__Data__
---------------

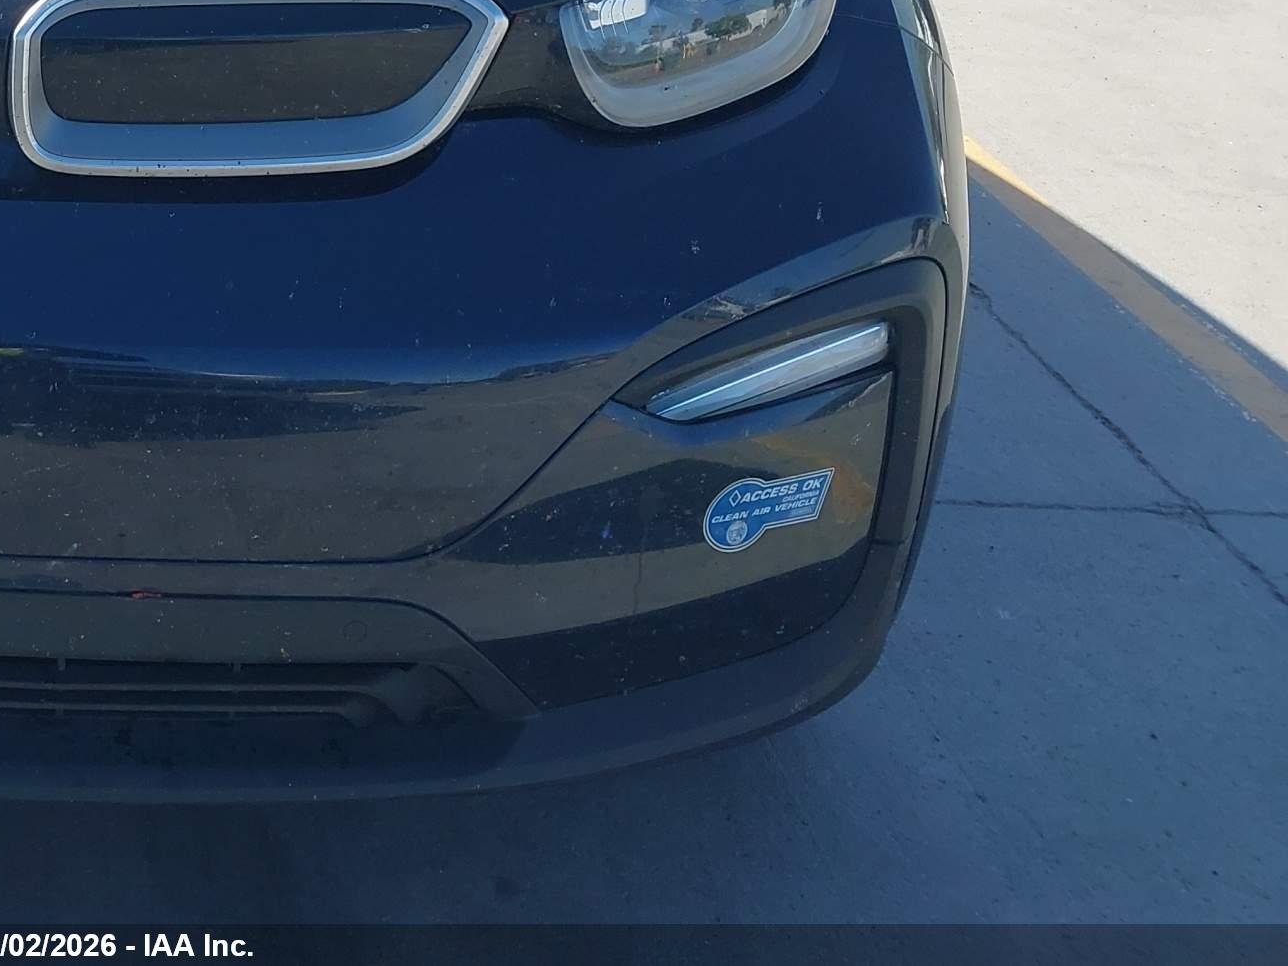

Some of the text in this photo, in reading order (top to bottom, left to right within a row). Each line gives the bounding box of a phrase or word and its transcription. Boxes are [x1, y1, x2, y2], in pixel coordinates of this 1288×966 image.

[740, 477, 825, 504] ACCESS OK
[781, 489, 820, 503] CALIFORNIA
[711, 509, 749, 524] CLEAN
[751, 506, 772, 517] AIR
[775, 497, 818, 513] VEHICLE
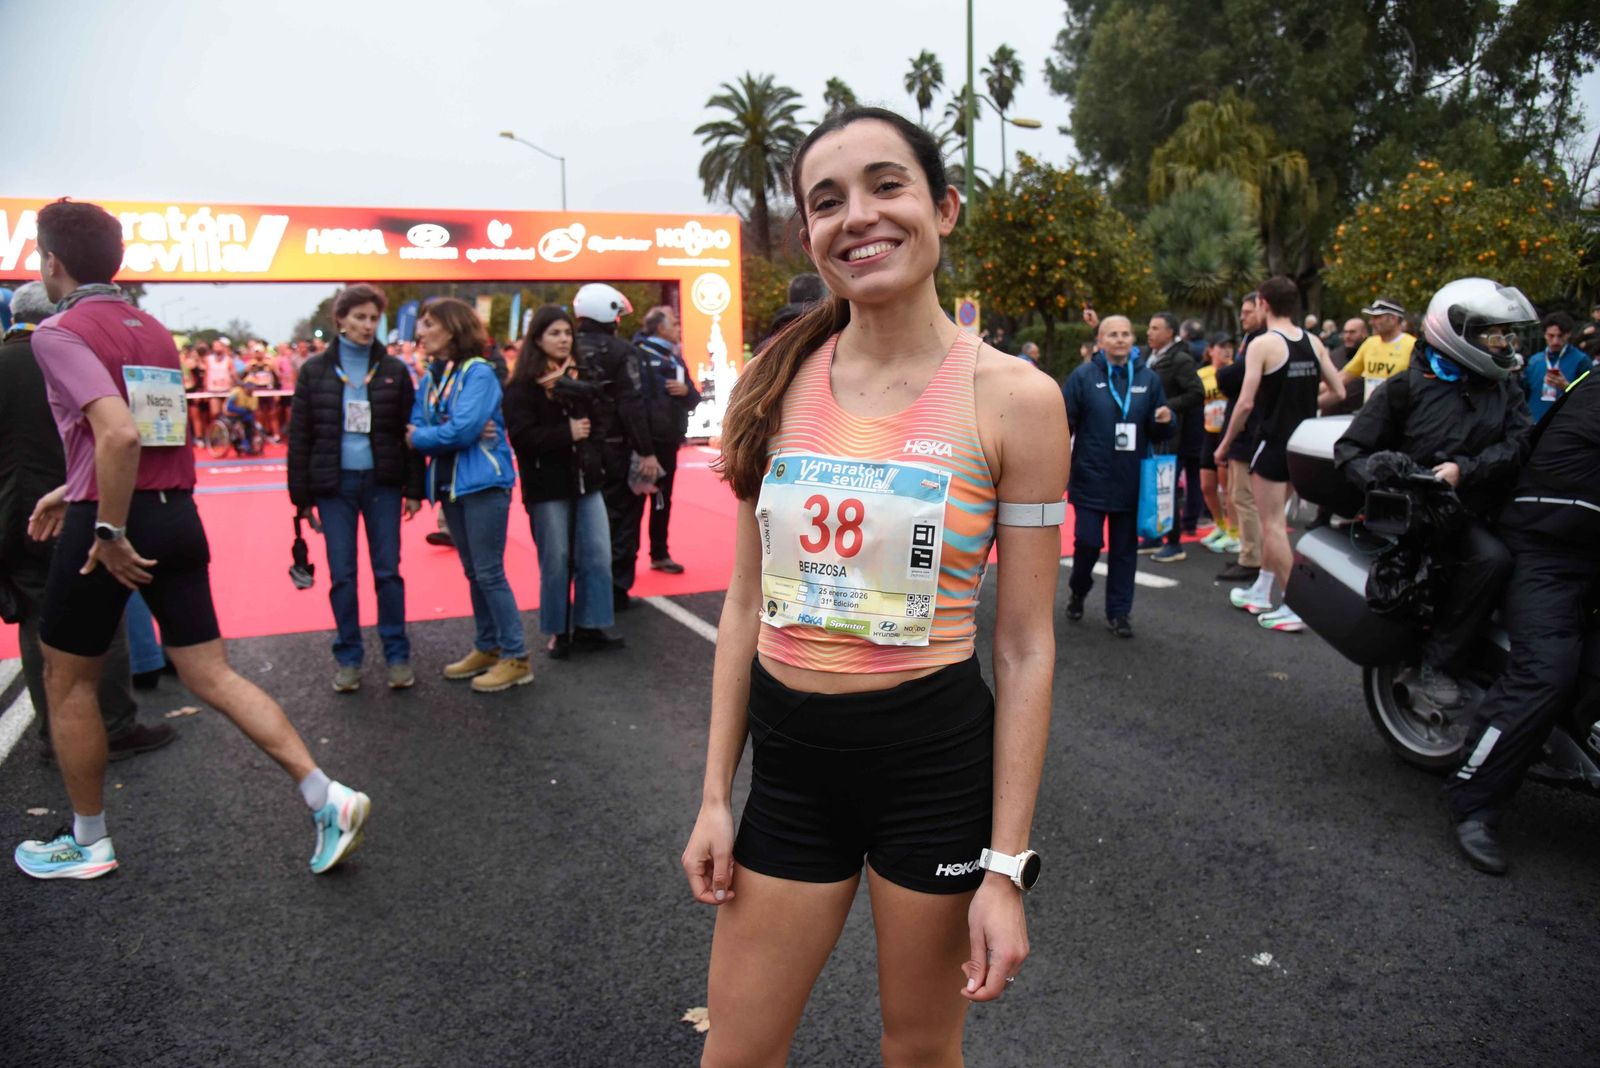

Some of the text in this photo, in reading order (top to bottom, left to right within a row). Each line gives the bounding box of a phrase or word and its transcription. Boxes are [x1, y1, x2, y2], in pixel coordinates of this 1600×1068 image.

[118, 206, 246, 242] ratón
[305, 228, 389, 254] HOKA
[119, 236, 255, 273] evilla
[1368, 362, 1395, 374] UPV
[902, 439, 952, 457] HOKA
[818, 461, 884, 478] maratón
[831, 474, 882, 490] sevilla
[799, 494, 865, 559] 38
[799, 560, 847, 578] BERZOSA
[818, 587, 869, 600] 25 enero 2026
[797, 612, 823, 626] HOKA
[830, 619, 866, 632] Sprinter
[935, 859, 980, 876] HOKA
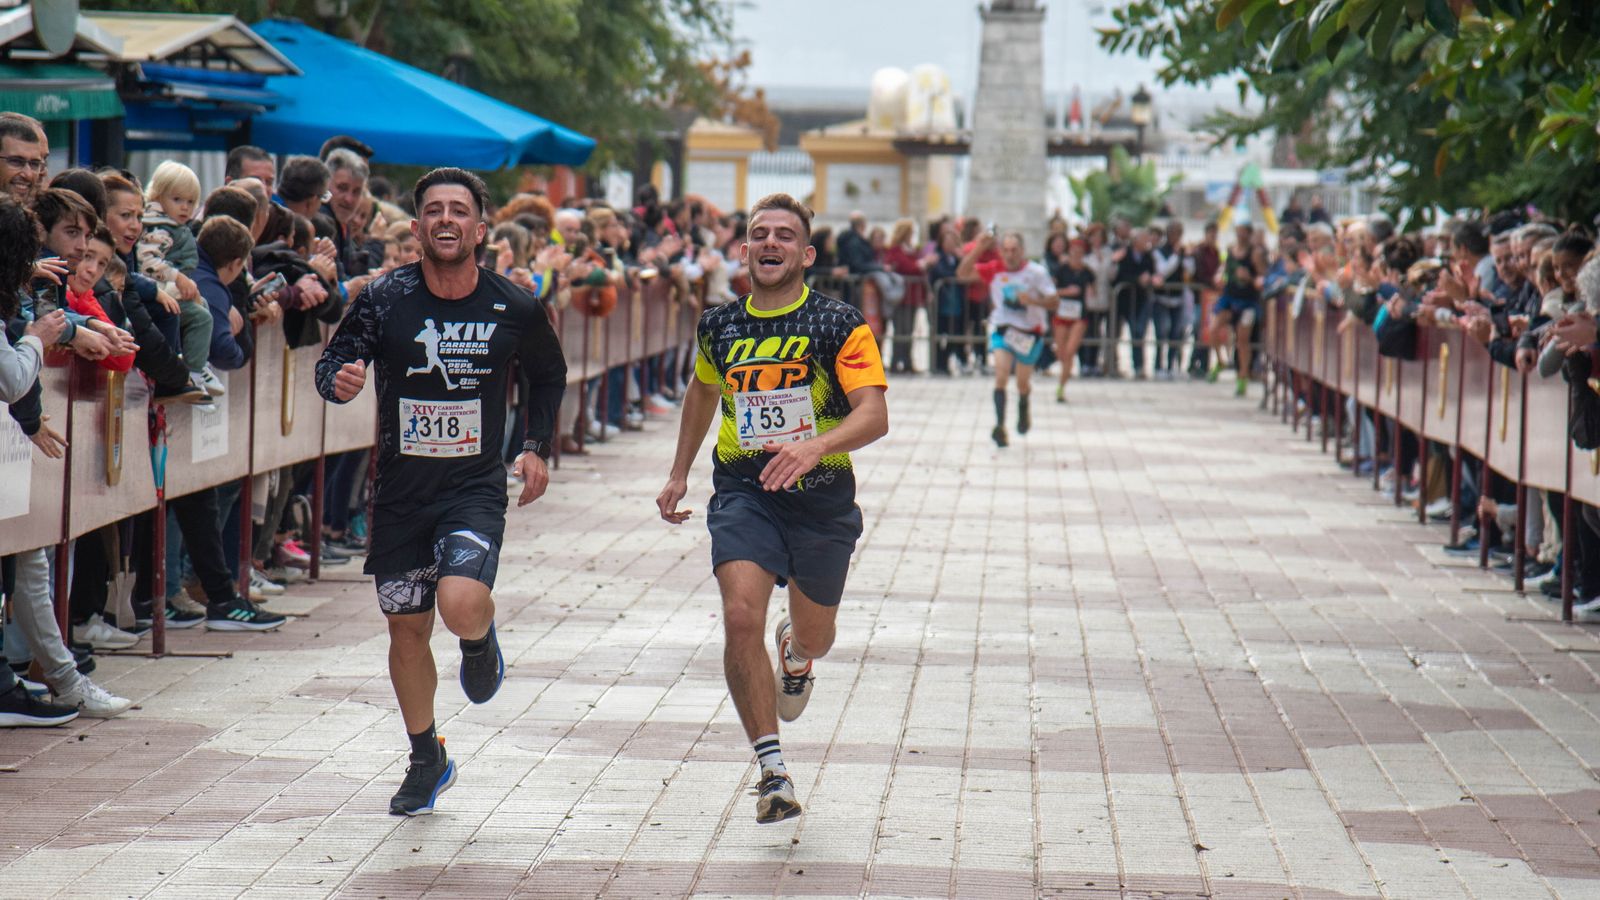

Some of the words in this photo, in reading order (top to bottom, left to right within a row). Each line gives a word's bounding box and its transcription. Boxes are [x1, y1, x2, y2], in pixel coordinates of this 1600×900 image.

[442, 322, 497, 341] XIV
[725, 363, 809, 395] STOP
[412, 404, 438, 416] XIV
[746, 395, 768, 407] XIV
[419, 416, 460, 438] 318
[760, 406, 786, 430] 53
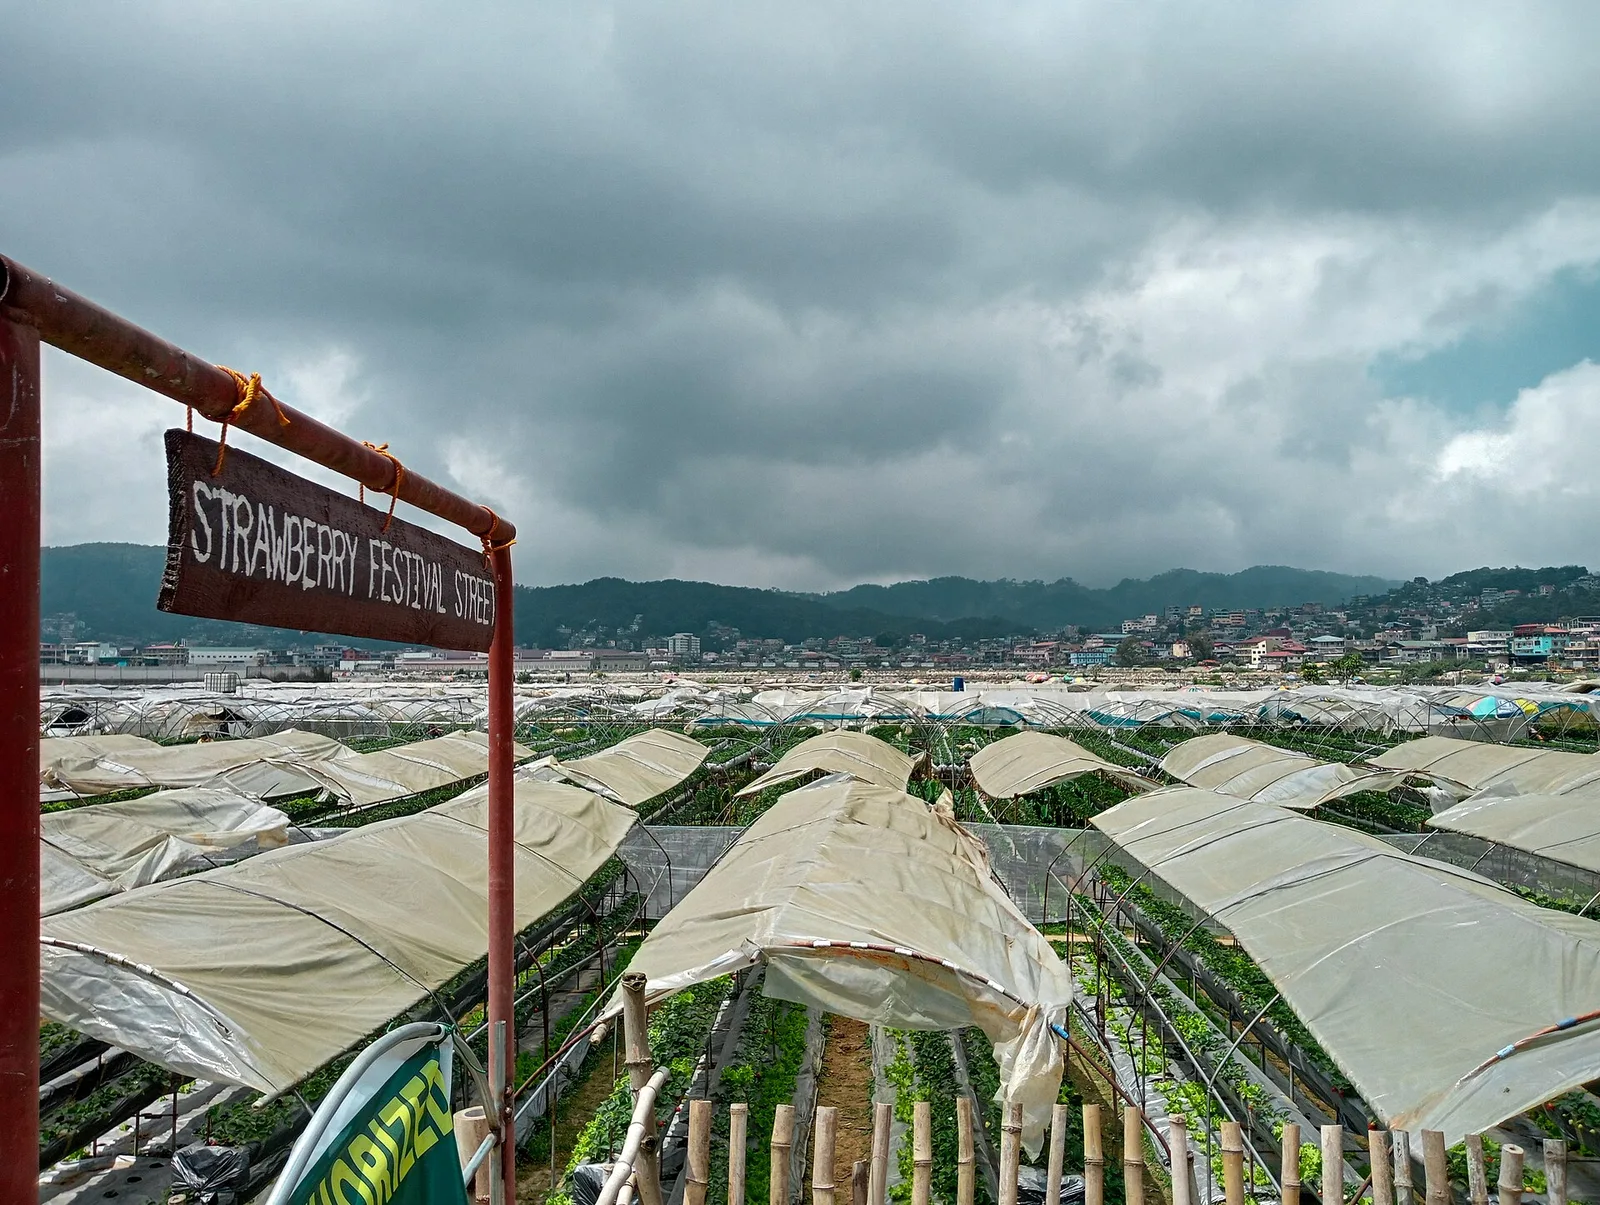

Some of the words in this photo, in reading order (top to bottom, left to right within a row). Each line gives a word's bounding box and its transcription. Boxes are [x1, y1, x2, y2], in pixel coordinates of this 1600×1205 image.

[191, 480, 358, 596] STRAWBERRY
[369, 539, 446, 614] FESTIVAL
[455, 569, 495, 627] STREET
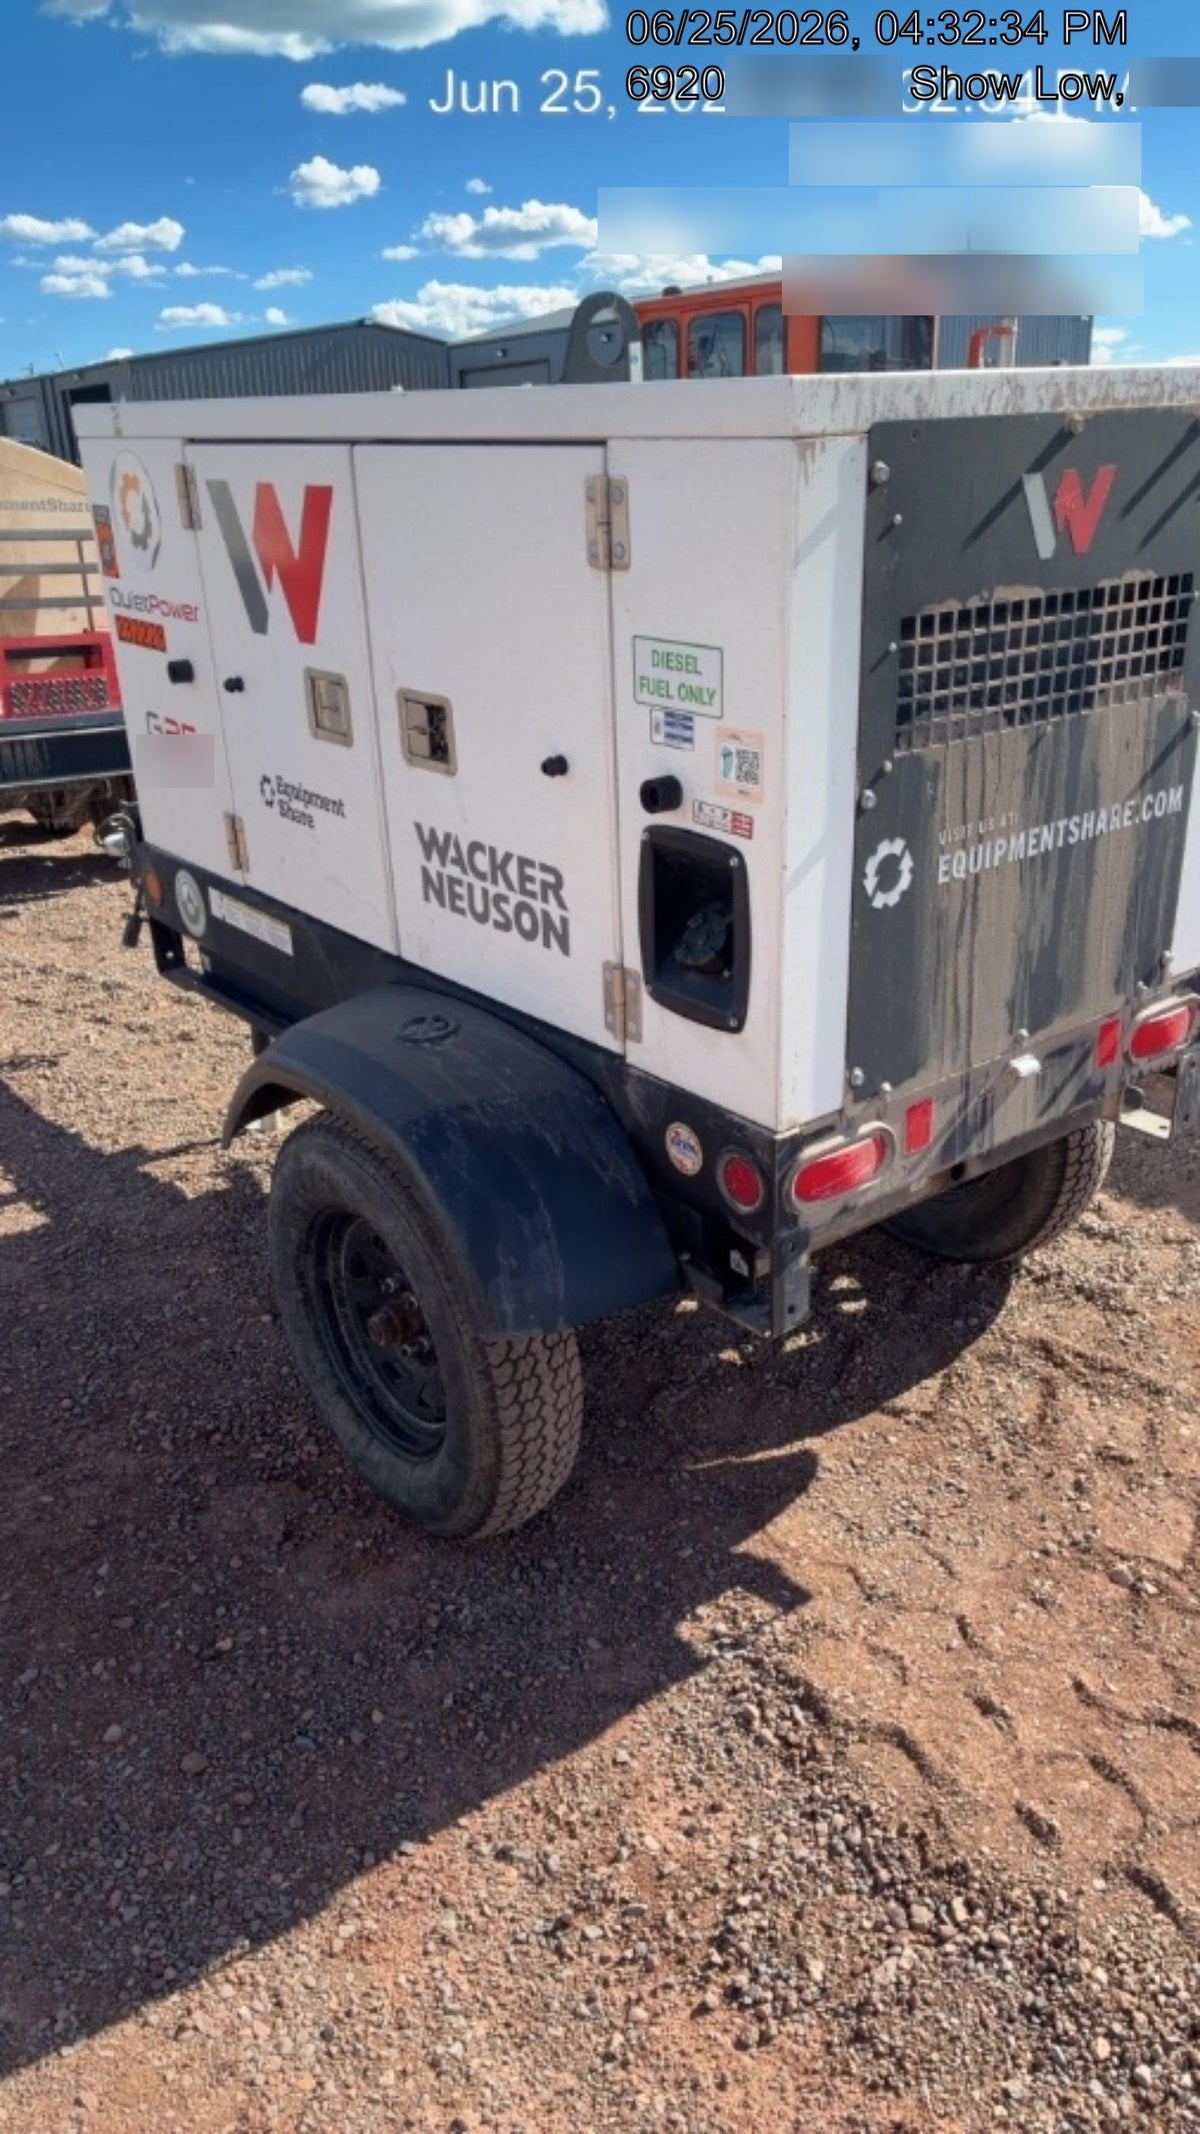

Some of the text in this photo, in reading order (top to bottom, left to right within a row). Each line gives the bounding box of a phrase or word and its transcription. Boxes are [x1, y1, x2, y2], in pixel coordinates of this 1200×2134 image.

---------------

__Assignment__
All entries must come back exactly as written, though without their pictures.

__Written answer__
Some of the text in this photo, in reading order (top to bottom, left to right within a row). Each line gives the bounding box of a phrase or word and its transcription. Boxes are [x1, y1, x2, y2], in pixel coordinates of this 1288×966 image.

[740, 477, 825, 504] ACCESS OK
[781, 489, 820, 503] CALIFORNIA
[711, 509, 749, 524] CLEAN
[751, 506, 772, 517] AIR
[775, 497, 818, 513] VEHICLE

Some of the text in this photo, in reading order (top to bottom, left to right within a row). Each line gives the bounding box of a phrase or word and its transcription. Boxes are [x1, y1, x2, y2], in pixel coordinates of this 1600×1068 image.

[118, 206, 246, 242] ratón
[305, 228, 389, 254] HOKA
[119, 236, 255, 273] evilla
[1368, 362, 1395, 374] UPV
[902, 439, 952, 457] HOKA
[818, 461, 884, 478] maratón
[831, 474, 882, 490] sevilla
[799, 494, 865, 559] 38
[799, 560, 847, 578] BERZOSA
[818, 587, 869, 600] 25 enero 2026
[797, 612, 823, 626] HOKA
[830, 619, 866, 632] Sprinter
[935, 859, 980, 876] HOKA

Some of the words in this photo, in reading order (top to bottom, left to right within a row). Each line gives a word's bounding box and its transcription. Boxes are [x1, y1, x2, y2], in pixel coordinates of this 1600×900 image.

[442, 322, 497, 341] XIV
[725, 363, 809, 395] STOP
[412, 404, 438, 416] XIV
[746, 395, 768, 407] XIV
[419, 416, 460, 438] 318
[760, 406, 786, 430] 53

Some of the words in this photo, in reading order (top to bottom, left to right within a row). Each line gives a word's bounding box and its transcription. Boxes are [x1, y1, x2, y2], in pixel coordinates of this 1600×1205 image.

[191, 480, 358, 596] STRAWBERRY
[369, 539, 446, 614] FESTIVAL
[455, 569, 495, 627] STREET

Some of the text in this photo, in reading order (top to bottom, left to right within a row). Each line gives the bounding box of a phrase or word and its transcription. Boxes are [x1, y1, x2, y2], in pixel coordinates of this 1200×2134 image.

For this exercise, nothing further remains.